== TASK STATEMENT ==
Retype the records exactly, including every line.

RECORDS FOR THE EXERCISE Start Marker

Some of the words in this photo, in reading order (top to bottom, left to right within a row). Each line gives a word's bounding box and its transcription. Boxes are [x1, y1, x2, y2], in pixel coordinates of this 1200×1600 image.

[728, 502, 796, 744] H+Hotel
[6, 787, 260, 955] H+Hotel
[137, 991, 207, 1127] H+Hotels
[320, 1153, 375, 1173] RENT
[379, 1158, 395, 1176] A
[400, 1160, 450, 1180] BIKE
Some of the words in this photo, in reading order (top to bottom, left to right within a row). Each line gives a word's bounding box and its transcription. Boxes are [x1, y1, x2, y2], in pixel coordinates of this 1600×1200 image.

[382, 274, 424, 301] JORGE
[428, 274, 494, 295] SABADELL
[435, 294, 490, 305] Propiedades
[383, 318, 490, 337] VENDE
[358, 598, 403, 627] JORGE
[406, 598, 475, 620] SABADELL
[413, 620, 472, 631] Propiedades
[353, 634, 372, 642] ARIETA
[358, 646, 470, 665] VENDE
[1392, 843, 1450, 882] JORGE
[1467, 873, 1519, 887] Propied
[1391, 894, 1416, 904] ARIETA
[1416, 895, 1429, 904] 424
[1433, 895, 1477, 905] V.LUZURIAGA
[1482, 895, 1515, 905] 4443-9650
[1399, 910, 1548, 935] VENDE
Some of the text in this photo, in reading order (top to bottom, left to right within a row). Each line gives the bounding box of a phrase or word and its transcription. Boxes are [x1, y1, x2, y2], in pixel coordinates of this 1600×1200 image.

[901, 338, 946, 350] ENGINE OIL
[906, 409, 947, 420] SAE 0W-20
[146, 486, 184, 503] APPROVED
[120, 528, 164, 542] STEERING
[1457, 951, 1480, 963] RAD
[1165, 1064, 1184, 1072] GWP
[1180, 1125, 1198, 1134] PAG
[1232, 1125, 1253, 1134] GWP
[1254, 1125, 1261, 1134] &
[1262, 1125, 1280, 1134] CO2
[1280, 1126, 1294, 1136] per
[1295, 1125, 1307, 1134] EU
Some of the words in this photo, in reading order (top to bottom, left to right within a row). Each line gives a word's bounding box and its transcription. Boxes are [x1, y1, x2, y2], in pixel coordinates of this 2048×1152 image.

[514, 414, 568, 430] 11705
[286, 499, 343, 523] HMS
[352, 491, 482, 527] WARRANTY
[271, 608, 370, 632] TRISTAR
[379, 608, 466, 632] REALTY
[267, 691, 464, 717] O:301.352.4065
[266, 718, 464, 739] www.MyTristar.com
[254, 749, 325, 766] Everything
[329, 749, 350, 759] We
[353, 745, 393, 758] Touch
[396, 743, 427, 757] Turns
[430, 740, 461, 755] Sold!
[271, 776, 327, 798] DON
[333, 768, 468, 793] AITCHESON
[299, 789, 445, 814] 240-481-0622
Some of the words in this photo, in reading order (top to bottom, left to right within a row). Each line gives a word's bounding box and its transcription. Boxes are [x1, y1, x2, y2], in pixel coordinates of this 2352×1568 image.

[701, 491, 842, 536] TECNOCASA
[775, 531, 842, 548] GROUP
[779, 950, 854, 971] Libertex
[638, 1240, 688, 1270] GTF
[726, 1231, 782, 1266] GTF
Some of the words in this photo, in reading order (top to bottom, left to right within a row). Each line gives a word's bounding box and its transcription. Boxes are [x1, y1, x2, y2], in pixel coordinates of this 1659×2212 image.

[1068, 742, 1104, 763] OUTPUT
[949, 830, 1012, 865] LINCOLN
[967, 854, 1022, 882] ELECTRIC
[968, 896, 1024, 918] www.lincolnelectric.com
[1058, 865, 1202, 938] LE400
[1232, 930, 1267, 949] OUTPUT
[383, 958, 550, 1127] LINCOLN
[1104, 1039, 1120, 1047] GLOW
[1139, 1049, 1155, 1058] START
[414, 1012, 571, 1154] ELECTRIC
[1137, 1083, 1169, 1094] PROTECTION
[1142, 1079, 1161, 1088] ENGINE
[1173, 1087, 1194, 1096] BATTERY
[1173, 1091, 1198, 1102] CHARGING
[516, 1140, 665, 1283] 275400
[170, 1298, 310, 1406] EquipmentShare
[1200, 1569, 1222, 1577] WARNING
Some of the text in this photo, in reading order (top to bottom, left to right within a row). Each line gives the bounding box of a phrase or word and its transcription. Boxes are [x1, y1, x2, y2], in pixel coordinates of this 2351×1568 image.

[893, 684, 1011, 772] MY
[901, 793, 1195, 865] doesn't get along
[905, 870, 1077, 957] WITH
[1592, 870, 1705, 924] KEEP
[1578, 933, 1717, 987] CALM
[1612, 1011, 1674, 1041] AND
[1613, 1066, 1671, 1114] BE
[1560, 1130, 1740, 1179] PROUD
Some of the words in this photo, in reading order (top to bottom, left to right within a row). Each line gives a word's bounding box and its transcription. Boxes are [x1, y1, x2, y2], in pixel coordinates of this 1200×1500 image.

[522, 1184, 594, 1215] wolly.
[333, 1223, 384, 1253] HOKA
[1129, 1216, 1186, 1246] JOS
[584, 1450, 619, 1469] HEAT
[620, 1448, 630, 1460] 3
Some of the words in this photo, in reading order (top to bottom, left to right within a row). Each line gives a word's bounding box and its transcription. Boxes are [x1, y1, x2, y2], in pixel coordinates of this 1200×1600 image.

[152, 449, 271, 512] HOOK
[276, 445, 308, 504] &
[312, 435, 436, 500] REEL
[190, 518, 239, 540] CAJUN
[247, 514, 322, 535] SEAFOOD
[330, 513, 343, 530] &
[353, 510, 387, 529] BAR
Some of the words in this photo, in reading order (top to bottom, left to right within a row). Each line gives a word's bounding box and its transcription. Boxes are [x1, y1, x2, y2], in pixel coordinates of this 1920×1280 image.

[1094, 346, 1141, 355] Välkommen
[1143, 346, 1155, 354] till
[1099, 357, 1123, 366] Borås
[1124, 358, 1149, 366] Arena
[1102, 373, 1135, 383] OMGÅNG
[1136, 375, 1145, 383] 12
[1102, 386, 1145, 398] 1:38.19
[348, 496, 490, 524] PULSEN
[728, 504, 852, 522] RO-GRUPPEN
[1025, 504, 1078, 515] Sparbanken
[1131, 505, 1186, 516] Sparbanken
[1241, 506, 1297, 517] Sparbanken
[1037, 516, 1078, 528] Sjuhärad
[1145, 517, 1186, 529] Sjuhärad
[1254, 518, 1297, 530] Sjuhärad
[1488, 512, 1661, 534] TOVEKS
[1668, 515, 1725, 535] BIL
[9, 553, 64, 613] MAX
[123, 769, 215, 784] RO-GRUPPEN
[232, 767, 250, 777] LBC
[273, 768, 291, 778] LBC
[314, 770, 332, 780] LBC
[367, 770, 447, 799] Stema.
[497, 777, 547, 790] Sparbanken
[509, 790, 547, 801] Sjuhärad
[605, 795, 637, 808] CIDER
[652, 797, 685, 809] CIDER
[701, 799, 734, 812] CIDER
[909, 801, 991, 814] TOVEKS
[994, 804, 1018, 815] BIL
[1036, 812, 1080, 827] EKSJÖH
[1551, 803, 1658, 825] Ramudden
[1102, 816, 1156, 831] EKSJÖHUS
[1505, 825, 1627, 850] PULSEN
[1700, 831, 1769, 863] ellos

RECORDS FOR THE EXERCISE End Marker

== RESULT ==
Some of the words in this photo, in reading order (top to bottom, left to right within a row). Each line gives a word's bounding box and its transcription. Boxes are [x1, y1, x2, y2], in pixel coordinates of this 1200×1600 image.

[728, 502, 796, 744] H+Hotel
[6, 787, 260, 955] H+Hotel
[137, 991, 207, 1127] H+Hotels
[320, 1153, 375, 1173] RENT
[379, 1158, 395, 1176] A
[400, 1160, 450, 1180] BIKE
Some of the words in this photo, in reading order (top to bottom, left to right within a row). Each line gives a word's bounding box and its transcription. Boxes are [x1, y1, x2, y2], in pixel coordinates of this 1600×1200 image.

[382, 274, 424, 301] JORGE
[428, 274, 494, 295] SABADELL
[435, 294, 490, 305] Propiedades
[383, 318, 490, 337] VENDE
[358, 598, 403, 627] JORGE
[406, 598, 475, 620] SABADELL
[413, 620, 472, 631] Propiedades
[353, 634, 372, 642] ARIETA
[358, 646, 470, 665] VENDE
[1392, 843, 1450, 882] JORGE
[1467, 873, 1519, 887] Propied
[1391, 894, 1416, 904] ARIETA
[1416, 895, 1429, 904] 424
[1433, 895, 1477, 905] V.LUZURIAGA
[1482, 895, 1515, 905] 4443-9650
[1399, 910, 1548, 935] VENDE
Some of the text in this photo, in reading order (top to bottom, left to right within a row). Each line gives the bounding box of a phrase or word and its transcription. Boxes are [x1, y1, x2, y2], in pixel coordinates of this 1600×1200 image.

[901, 338, 946, 350] ENGINE OIL
[906, 409, 947, 420] SAE 0W-20
[146, 486, 184, 503] APPROVED
[120, 528, 164, 542] STEERING
[1457, 951, 1480, 963] RAD
[1165, 1064, 1184, 1072] GWP
[1180, 1125, 1198, 1134] PAG
[1232, 1125, 1253, 1134] GWP
[1254, 1125, 1261, 1134] &
[1262, 1125, 1280, 1134] CO2
[1280, 1126, 1294, 1136] per
[1295, 1125, 1307, 1134] EU
Some of the words in this photo, in reading order (top to bottom, left to right within a row). Each line gives a word's bounding box and its transcription. Boxes are [x1, y1, x2, y2], in pixel coordinates of this 2048×1152 image.

[514, 414, 568, 430] 11705
[286, 499, 343, 523] HMS
[352, 491, 482, 527] WARRANTY
[271, 608, 370, 632] TRISTAR
[379, 608, 466, 632] REALTY
[267, 691, 464, 717] O:301.352.4065
[266, 718, 464, 739] www.MyTristar.com
[254, 749, 325, 766] Everything
[329, 749, 350, 759] We
[353, 745, 393, 758] Touch
[396, 743, 427, 757] Turns
[430, 740, 461, 755] Sold!
[271, 776, 327, 798] DON
[333, 768, 468, 793] AITCHESON
[299, 789, 445, 814] 240-481-0622
Some of the words in this photo, in reading order (top to bottom, left to right within a row). Each line gives a word's bounding box and its transcription. Boxes are [x1, y1, x2, y2], in pixel coordinates of this 2352×1568 image.

[701, 491, 842, 536] TECNOCASA
[775, 531, 842, 548] GROUP
[779, 950, 854, 971] Libertex
[638, 1240, 688, 1270] GTF
[726, 1231, 782, 1266] GTF
Some of the words in this photo, in reading order (top to bottom, left to right within a row). Each line gives a word's bounding box and its transcription. Boxes are [x1, y1, x2, y2], in pixel coordinates of this 1659×2212 image.

[1068, 742, 1104, 763] OUTPUT
[949, 830, 1012, 865] LINCOLN
[967, 854, 1022, 882] ELECTRIC
[968, 896, 1024, 918] www.lincolnelectric.com
[1058, 865, 1202, 938] LE400
[1232, 930, 1267, 949] OUTPUT
[383, 958, 550, 1127] LINCOLN
[1104, 1039, 1120, 1047] GLOW
[1139, 1049, 1155, 1058] START
[414, 1012, 571, 1154] ELECTRIC
[1137, 1083, 1169, 1094] PROTECTION
[1142, 1079, 1161, 1088] ENGINE
[1173, 1087, 1194, 1096] BATTERY
[1173, 1091, 1198, 1102] CHARGING
[516, 1140, 665, 1283] 275400
[170, 1298, 310, 1406] EquipmentShare
[1200, 1569, 1222, 1577] WARNING
Some of the text in this photo, in reading order (top to bottom, left to right within a row). Each line gives the bounding box of a phrase or word and its transcription. Boxes are [x1, y1, x2, y2], in pixel coordinates of this 2351×1568 image.

[893, 684, 1011, 772] MY
[901, 793, 1195, 865] doesn't get along
[905, 870, 1077, 957] WITH
[1592, 870, 1705, 924] KEEP
[1578, 933, 1717, 987] CALM
[1612, 1011, 1674, 1041] AND
[1613, 1066, 1671, 1114] BE
[1560, 1130, 1740, 1179] PROUD
Some of the words in this photo, in reading order (top to bottom, left to right within a row). Each line gives a word's bounding box and its transcription. Boxes are [x1, y1, x2, y2], in pixel coordinates of this 1200×1500 image.

[522, 1184, 594, 1215] wolly.
[333, 1223, 384, 1253] HOKA
[1129, 1216, 1186, 1246] JOS
[584, 1450, 619, 1469] HEAT
[620, 1448, 630, 1460] 3
Some of the words in this photo, in reading order (top to bottom, left to right within a row). Each line gives a word's bounding box and its transcription. Boxes are [x1, y1, x2, y2], in pixel coordinates of this 1200×1600 image.

[152, 449, 271, 512] HOOK
[276, 445, 308, 504] &
[312, 435, 436, 500] REEL
[190, 518, 239, 540] CAJUN
[247, 514, 322, 535] SEAFOOD
[330, 513, 343, 530] &
[353, 510, 387, 529] BAR
Some of the words in this photo, in reading order (top to bottom, left to right within a row). Each line gives a word's bounding box and its transcription. Boxes are [x1, y1, x2, y2], in pixel coordinates of this 1920×1280 image.

[1094, 346, 1141, 355] Välkommen
[1143, 346, 1155, 354] till
[1099, 357, 1123, 366] Borås
[1124, 358, 1149, 366] Arena
[1102, 373, 1135, 383] OMGÅNG
[1136, 375, 1145, 383] 12
[1102, 386, 1145, 398] 1:38.19
[348, 496, 490, 524] PULSEN
[728, 504, 852, 522] RO-GRUPPEN
[1025, 504, 1078, 515] Sparbanken
[1131, 505, 1186, 516] Sparbanken
[1241, 506, 1297, 517] Sparbanken
[1037, 516, 1078, 528] Sjuhärad
[1145, 517, 1186, 529] Sjuhärad
[1254, 518, 1297, 530] Sjuhärad
[1488, 512, 1661, 534] TOVEKS
[1668, 515, 1725, 535] BIL
[9, 553, 64, 613] MAX
[123, 769, 215, 784] RO-GRUPPEN
[232, 767, 250, 777] LBC
[273, 768, 291, 778] LBC
[314, 770, 332, 780] LBC
[367, 770, 447, 799] Stema.
[497, 777, 547, 790] Sparbanken
[509, 790, 547, 801] Sjuhärad
[605, 795, 637, 808] CIDER
[652, 797, 685, 809] CIDER
[701, 799, 734, 812] CIDER
[909, 801, 991, 814] TOVEKS
[994, 804, 1018, 815] BIL
[1036, 812, 1080, 827] EKSJÖH
[1551, 803, 1658, 825] Ramudden
[1102, 816, 1156, 831] EKSJÖHUS
[1505, 825, 1627, 850] PULSEN
[1700, 831, 1769, 863] ellos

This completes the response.